------ Data excerpts ------

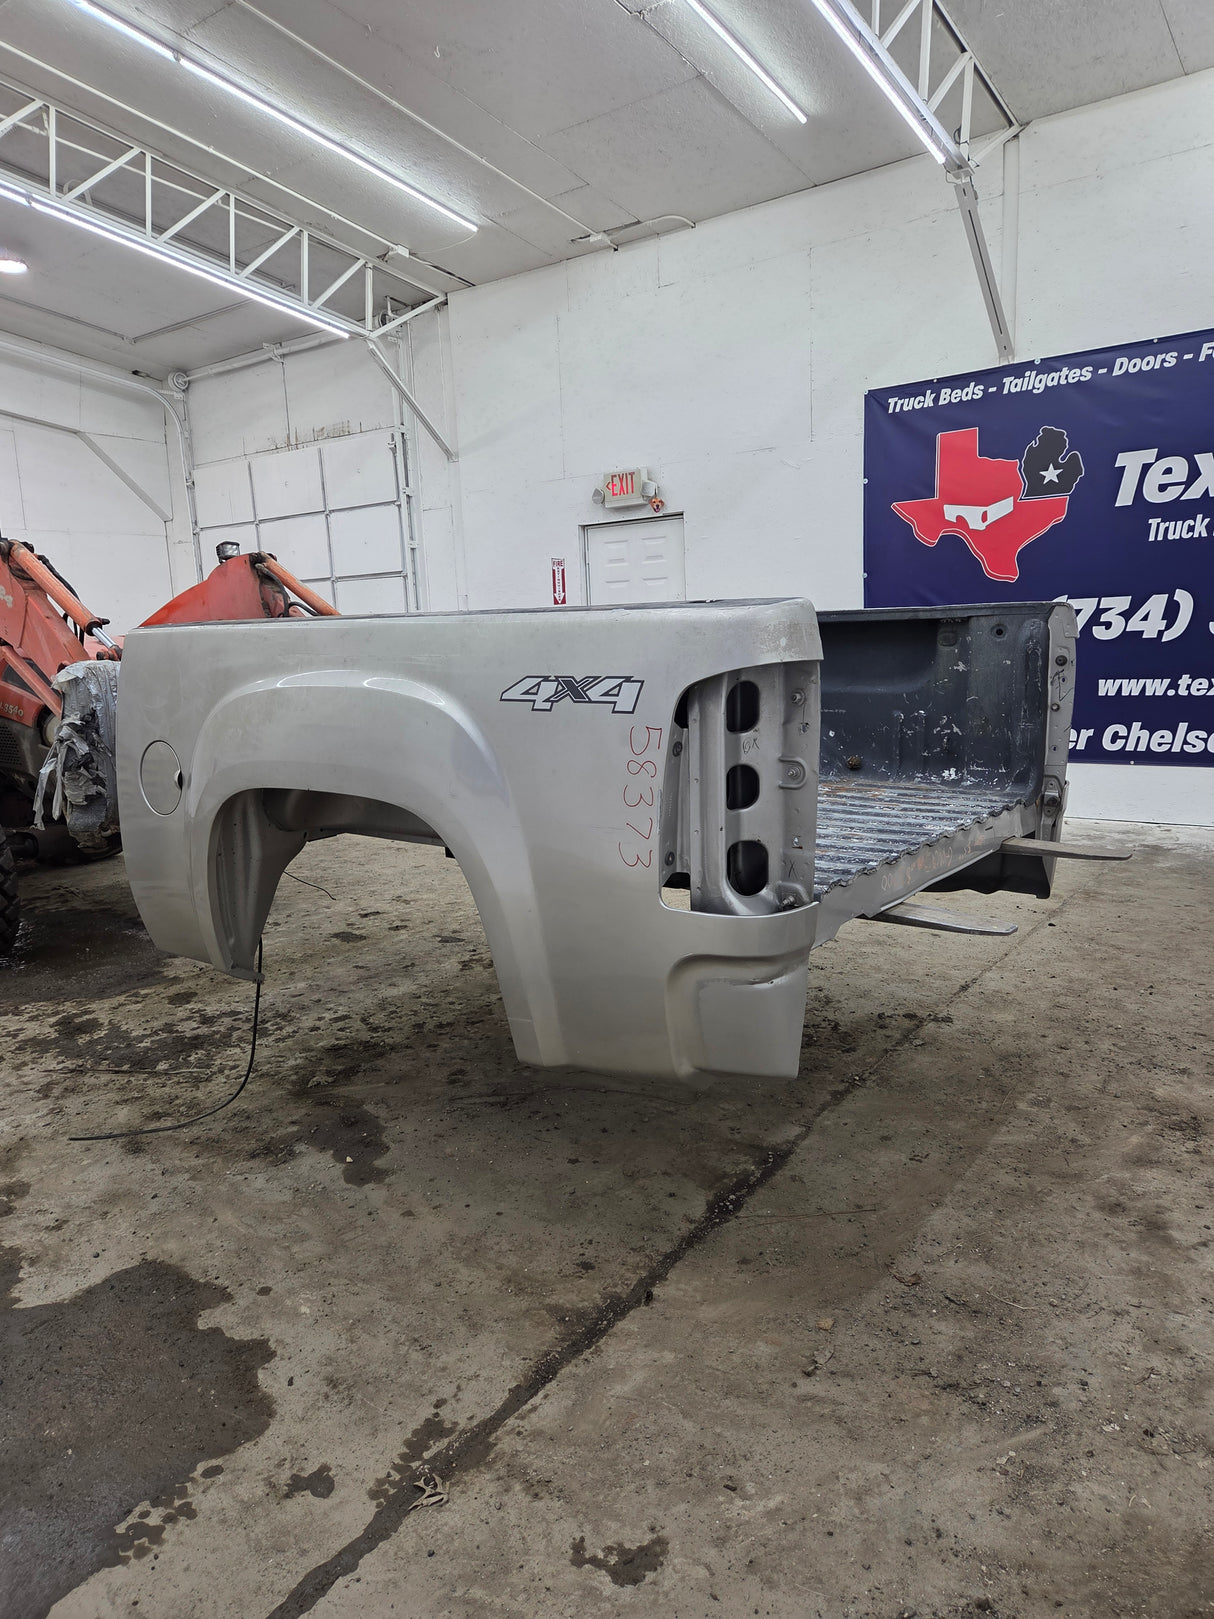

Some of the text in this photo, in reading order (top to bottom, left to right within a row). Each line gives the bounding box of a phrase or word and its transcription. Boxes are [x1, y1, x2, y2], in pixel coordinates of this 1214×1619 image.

[887, 390, 936, 414] Truck
[938, 382, 984, 406] Beds
[1002, 364, 1093, 394] Tailgates
[1112, 350, 1178, 376] Doors
[610, 471, 635, 497] EXIT
[1148, 514, 1211, 542] Truck
[1052, 588, 1194, 642] 734)
[618, 725, 663, 869] 58373
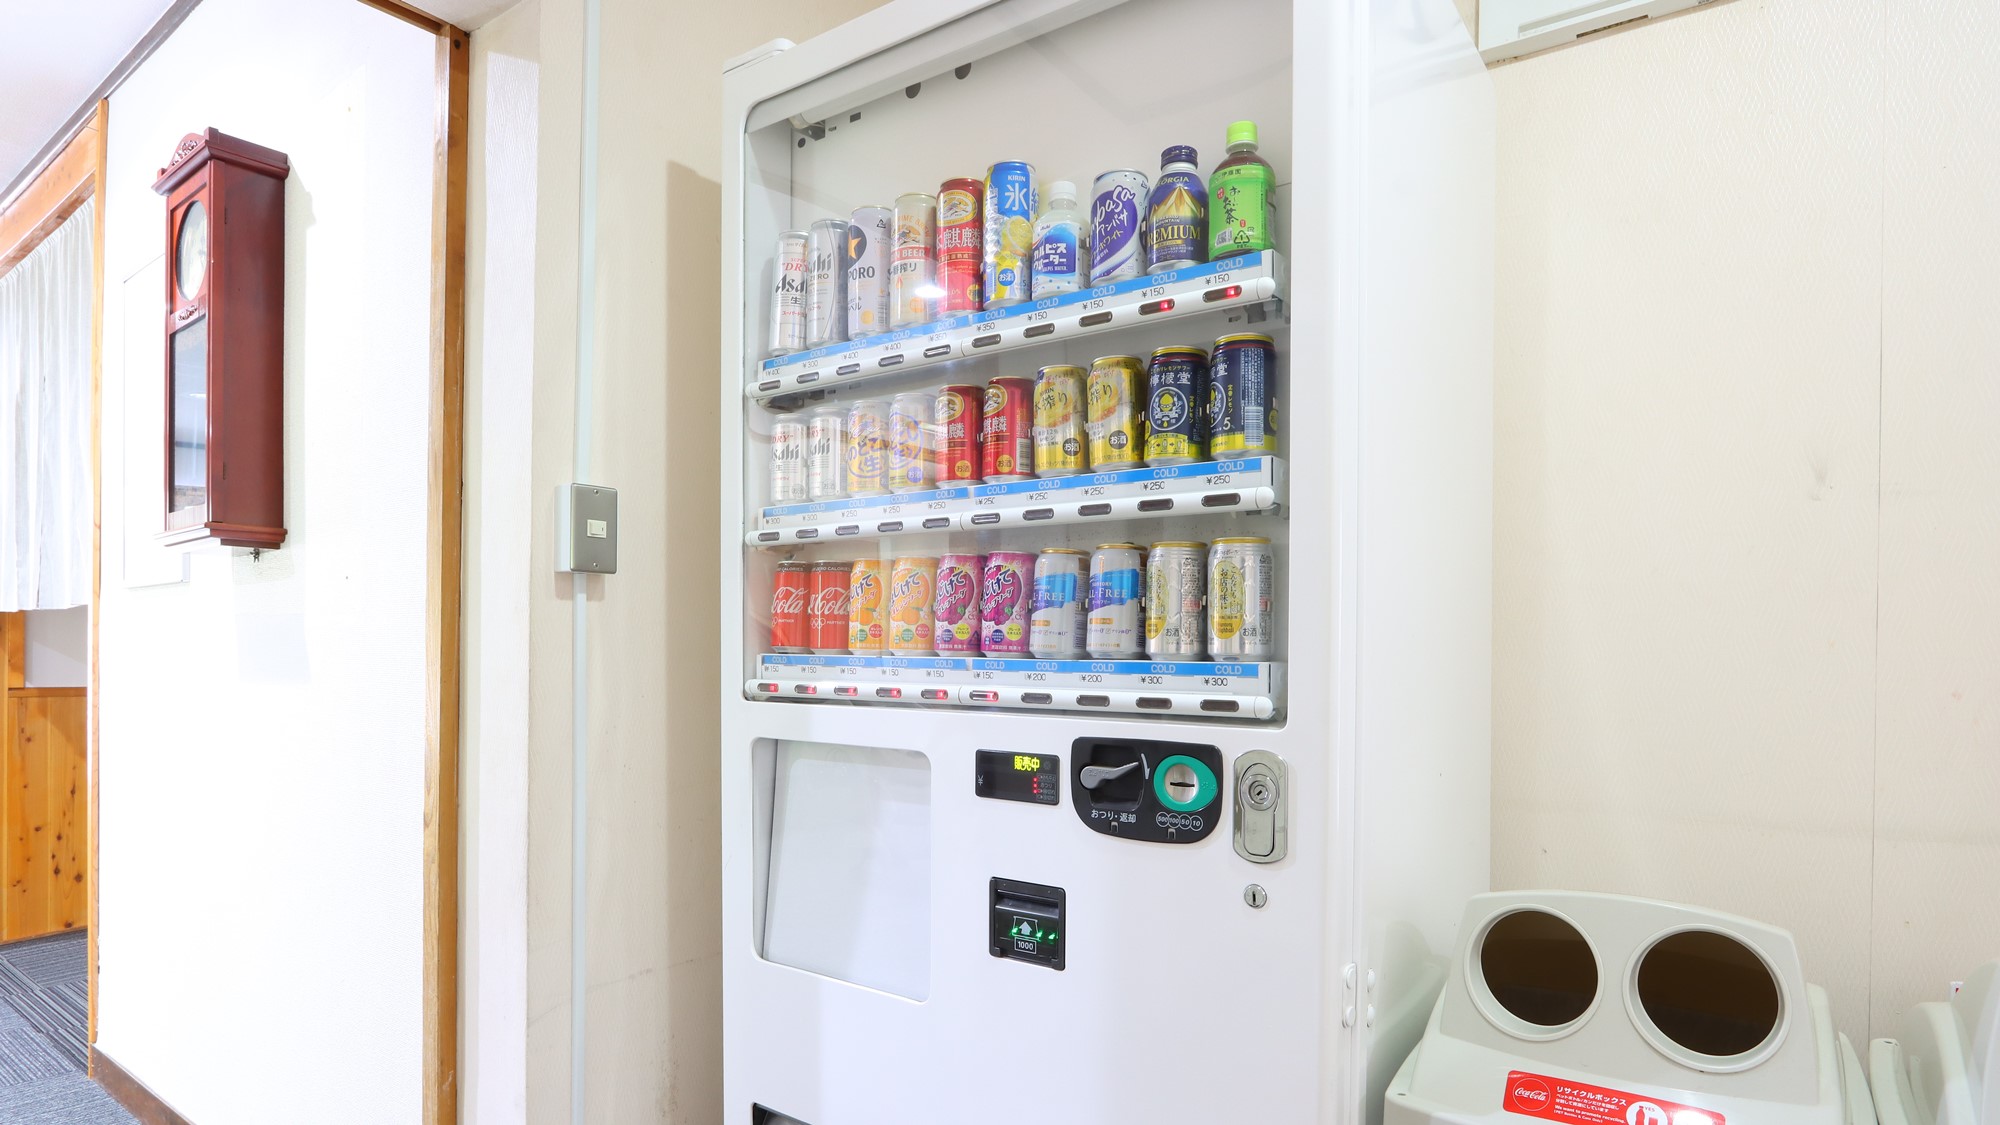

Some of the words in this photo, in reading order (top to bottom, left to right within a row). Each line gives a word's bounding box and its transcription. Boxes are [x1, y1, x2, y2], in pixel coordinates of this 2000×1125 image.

------

(Try it): Every record must be set down again exactly; pictures do not belong in the copy.

(Response to this exercise):
Some of the text in this photo, in reading order (top to bottom, left to right within a row). Each line gives the bounding box of a phrase or word and its transcription. Boxes are [x1, y1, x2, y2], in pixel coordinates of this 1214×1619 image.

[887, 390, 936, 414] Truck
[938, 382, 984, 406] Beds
[1002, 364, 1093, 394] Tailgates
[1112, 350, 1178, 376] Doors
[610, 471, 635, 497] EXIT
[1148, 514, 1211, 542] Truck
[1052, 588, 1194, 642] 734)
[618, 725, 663, 869] 58373

Some of the words in this photo, in reading order (top to bottom, left to right within a row). Each line gives a word's bounding box and its transcription. Boxes are [x1, y1, x2, y2], in pixel coordinates of this 2000×1125 image.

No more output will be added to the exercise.